(Aim of the exercise) Return every entry in the listing word for word.

--------------------------------

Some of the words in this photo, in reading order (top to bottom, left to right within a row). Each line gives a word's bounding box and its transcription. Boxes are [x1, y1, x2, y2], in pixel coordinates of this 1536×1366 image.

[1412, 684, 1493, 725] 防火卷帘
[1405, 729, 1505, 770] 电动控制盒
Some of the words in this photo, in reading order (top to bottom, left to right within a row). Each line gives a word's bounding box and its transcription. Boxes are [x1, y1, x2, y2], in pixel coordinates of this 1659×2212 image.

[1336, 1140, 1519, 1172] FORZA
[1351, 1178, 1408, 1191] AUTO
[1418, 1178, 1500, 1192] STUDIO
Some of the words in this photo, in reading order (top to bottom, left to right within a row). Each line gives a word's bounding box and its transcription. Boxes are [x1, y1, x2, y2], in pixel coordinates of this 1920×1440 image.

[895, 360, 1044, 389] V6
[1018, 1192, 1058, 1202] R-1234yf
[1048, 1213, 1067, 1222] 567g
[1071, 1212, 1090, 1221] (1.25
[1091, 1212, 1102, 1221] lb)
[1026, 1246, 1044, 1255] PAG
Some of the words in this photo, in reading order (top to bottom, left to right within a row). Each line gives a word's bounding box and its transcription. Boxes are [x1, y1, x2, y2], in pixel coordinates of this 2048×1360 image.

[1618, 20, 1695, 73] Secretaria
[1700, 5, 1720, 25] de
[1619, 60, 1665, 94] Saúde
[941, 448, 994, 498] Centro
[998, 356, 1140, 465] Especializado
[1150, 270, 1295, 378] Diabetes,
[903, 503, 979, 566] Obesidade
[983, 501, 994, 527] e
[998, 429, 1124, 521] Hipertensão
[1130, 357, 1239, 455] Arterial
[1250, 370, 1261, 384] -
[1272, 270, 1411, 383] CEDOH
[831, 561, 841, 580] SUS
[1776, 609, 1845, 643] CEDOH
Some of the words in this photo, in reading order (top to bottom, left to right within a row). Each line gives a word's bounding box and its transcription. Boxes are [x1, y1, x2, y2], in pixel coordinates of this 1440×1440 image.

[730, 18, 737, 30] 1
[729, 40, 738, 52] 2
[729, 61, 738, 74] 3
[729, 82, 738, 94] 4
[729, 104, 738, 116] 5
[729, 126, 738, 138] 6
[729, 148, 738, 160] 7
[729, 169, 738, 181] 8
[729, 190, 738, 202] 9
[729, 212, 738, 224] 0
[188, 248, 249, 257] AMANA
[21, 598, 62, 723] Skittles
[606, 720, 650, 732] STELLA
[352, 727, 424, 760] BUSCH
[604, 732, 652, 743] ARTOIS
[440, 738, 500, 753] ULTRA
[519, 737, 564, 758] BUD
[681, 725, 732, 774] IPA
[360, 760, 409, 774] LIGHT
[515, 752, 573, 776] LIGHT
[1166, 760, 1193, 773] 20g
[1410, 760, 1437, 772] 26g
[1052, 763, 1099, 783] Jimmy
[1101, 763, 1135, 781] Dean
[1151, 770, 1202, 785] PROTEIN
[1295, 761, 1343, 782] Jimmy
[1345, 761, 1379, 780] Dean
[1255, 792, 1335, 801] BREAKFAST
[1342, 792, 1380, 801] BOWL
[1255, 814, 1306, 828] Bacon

--------------------------------

(Exercise solution)
Some of the words in this photo, in reading order (top to bottom, left to right within a row). Each line gives a word's bounding box and its transcription. Boxes are [x1, y1, x2, y2], in pixel coordinates of this 1536×1366 image.

[1412, 684, 1493, 725] 防火卷帘
[1405, 729, 1505, 770] 电动控制盒
Some of the words in this photo, in reading order (top to bottom, left to right within a row). Each line gives a word's bounding box and its transcription. Boxes are [x1, y1, x2, y2], in pixel coordinates of this 1659×2212 image.

[1336, 1140, 1519, 1172] FORZA
[1351, 1178, 1408, 1191] AUTO
[1418, 1178, 1500, 1192] STUDIO
Some of the words in this photo, in reading order (top to bottom, left to right within a row). Each line gives a word's bounding box and its transcription. Boxes are [x1, y1, x2, y2], in pixel coordinates of this 1920×1440 image.

[895, 360, 1044, 389] V6
[1018, 1192, 1058, 1202] R-1234yf
[1048, 1213, 1067, 1222] 567g
[1071, 1212, 1090, 1221] (1.25
[1091, 1212, 1102, 1221] lb)
[1026, 1246, 1044, 1255] PAG
Some of the words in this photo, in reading order (top to bottom, left to right within a row). Each line gives a word's bounding box and its transcription. Boxes are [x1, y1, x2, y2], in pixel coordinates of this 2048×1360 image.

[1618, 20, 1695, 73] Secretaria
[1700, 5, 1720, 25] de
[1619, 60, 1665, 94] Saúde
[941, 448, 994, 498] Centro
[998, 356, 1140, 465] Especializado
[1150, 270, 1295, 378] Diabetes,
[903, 503, 979, 566] Obesidade
[983, 501, 994, 527] e
[998, 429, 1124, 521] Hipertensão
[1130, 357, 1239, 455] Arterial
[1250, 370, 1261, 384] -
[1272, 270, 1411, 383] CEDOH
[831, 561, 841, 580] SUS
[1776, 609, 1845, 643] CEDOH
Some of the words in this photo, in reading order (top to bottom, left to right within a row). Each line gives a word's bounding box and its transcription. Boxes are [x1, y1, x2, y2], in pixel coordinates of this 1440×1440 image.

[730, 18, 737, 30] 1
[729, 40, 738, 52] 2
[729, 61, 738, 74] 3
[729, 82, 738, 94] 4
[729, 104, 738, 116] 5
[729, 126, 738, 138] 6
[729, 148, 738, 160] 7
[729, 169, 738, 181] 8
[729, 190, 738, 202] 9
[729, 212, 738, 224] 0
[188, 248, 249, 257] AMANA
[21, 598, 62, 723] Skittles
[606, 720, 650, 732] STELLA
[352, 727, 424, 760] BUSCH
[604, 732, 652, 743] ARTOIS
[440, 738, 500, 753] ULTRA
[519, 737, 564, 758] BUD
[681, 725, 732, 774] IPA
[360, 760, 409, 774] LIGHT
[515, 752, 573, 776] LIGHT
[1166, 760, 1193, 773] 20g
[1410, 760, 1437, 772] 26g
[1052, 763, 1099, 783] Jimmy
[1101, 763, 1135, 781] Dean
[1151, 770, 1202, 785] PROTEIN
[1295, 761, 1343, 782] Jimmy
[1345, 761, 1379, 780] Dean
[1255, 792, 1335, 801] BREAKFAST
[1342, 792, 1380, 801] BOWL
[1255, 814, 1306, 828] Bacon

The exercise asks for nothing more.